▸ **TASK REQUIREMENTS**: Transcribe every entry below word for word, but skip the pictures.

[Excerpts from a dataset]
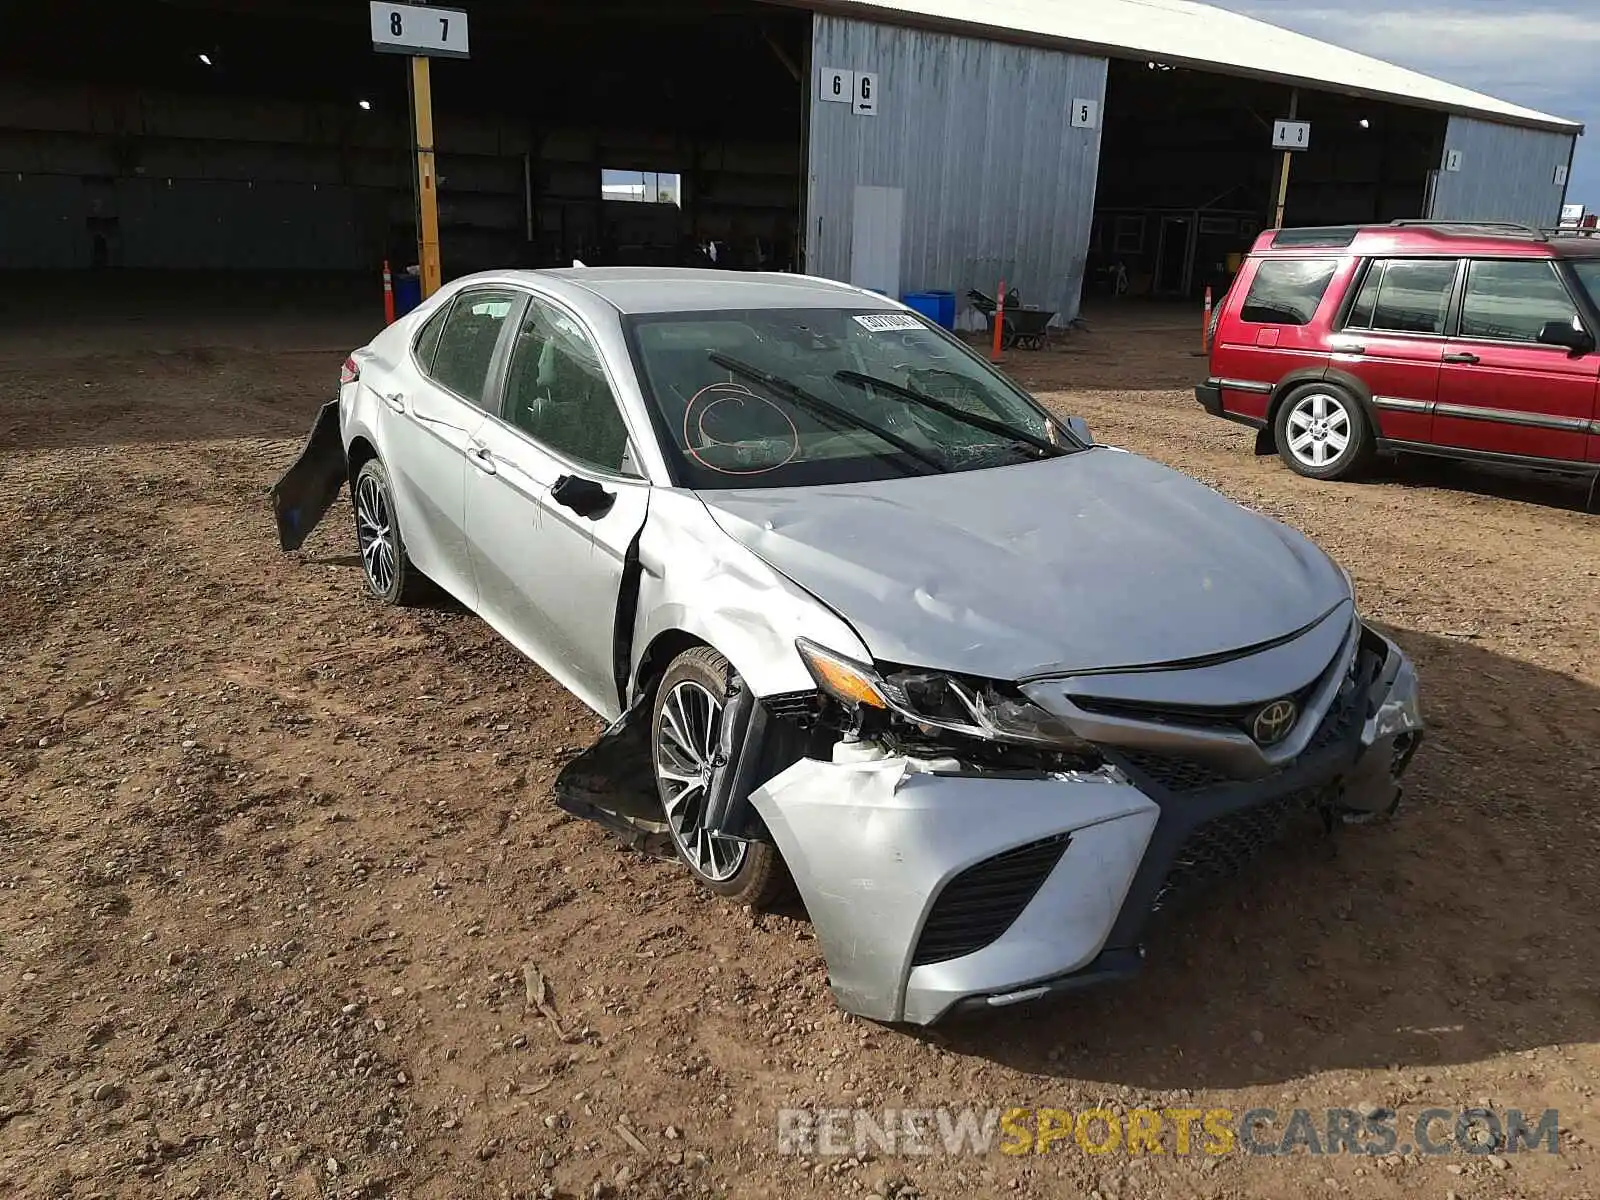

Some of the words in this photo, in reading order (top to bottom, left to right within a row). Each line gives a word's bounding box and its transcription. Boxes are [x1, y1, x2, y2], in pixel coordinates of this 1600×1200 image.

[390, 12, 402, 36] 8
[439, 18, 449, 41] 7
[833, 75, 841, 95] 6
[861, 77, 871, 99] G
[1081, 105, 1088, 122] 5
[1280, 127, 1286, 142] 4
[1297, 127, 1303, 142] 3
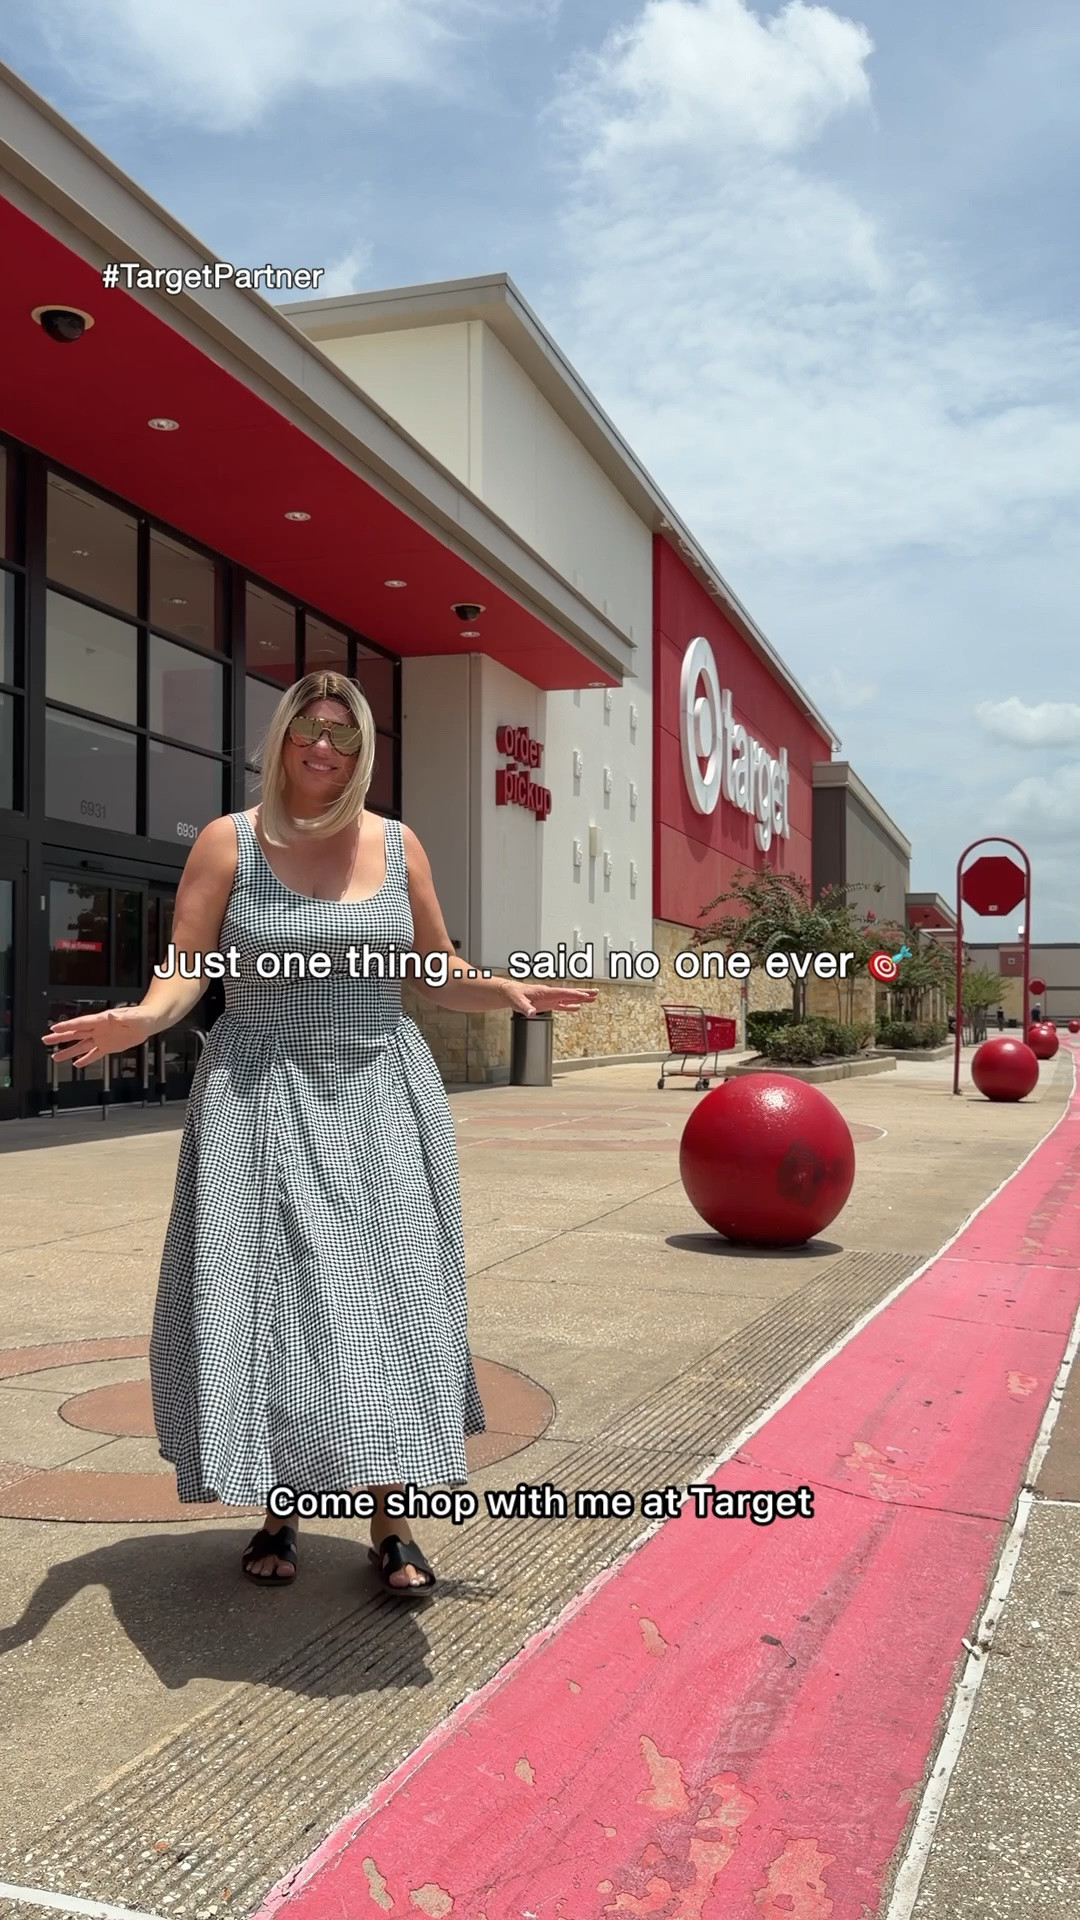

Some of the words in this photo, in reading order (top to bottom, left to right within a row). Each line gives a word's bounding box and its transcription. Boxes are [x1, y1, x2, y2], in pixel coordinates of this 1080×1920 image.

[496, 726, 544, 768] order
[722, 688, 790, 851] target
[80, 799, 106, 819] 6931
[496, 763, 552, 821] pickup
[176, 821, 198, 839] 6931

▸ **TASK RESULT**:
Some of the words in this photo, in reading order (top to bottom, left to right within a row). Each line gives a word's bounding box and its transcription. Boxes are [x1, y1, x2, y2], in pixel coordinates of this 1600×1200 image.

[390, 12, 402, 36] 8
[439, 18, 449, 41] 7
[833, 75, 841, 95] 6
[861, 77, 871, 99] G
[1081, 105, 1088, 122] 5
[1280, 127, 1286, 142] 4
[1297, 127, 1303, 142] 3

Some of the words in this photo, in reading order (top to bottom, left to right within a row). Each line gives a word's bounding box and its transcription. Boxes are [x1, y1, x2, y2], in pixel coordinates of this 1080×1920 image.

[496, 726, 544, 768] order
[722, 688, 790, 851] target
[80, 799, 106, 819] 6931
[496, 763, 552, 821] pickup
[176, 821, 198, 839] 6931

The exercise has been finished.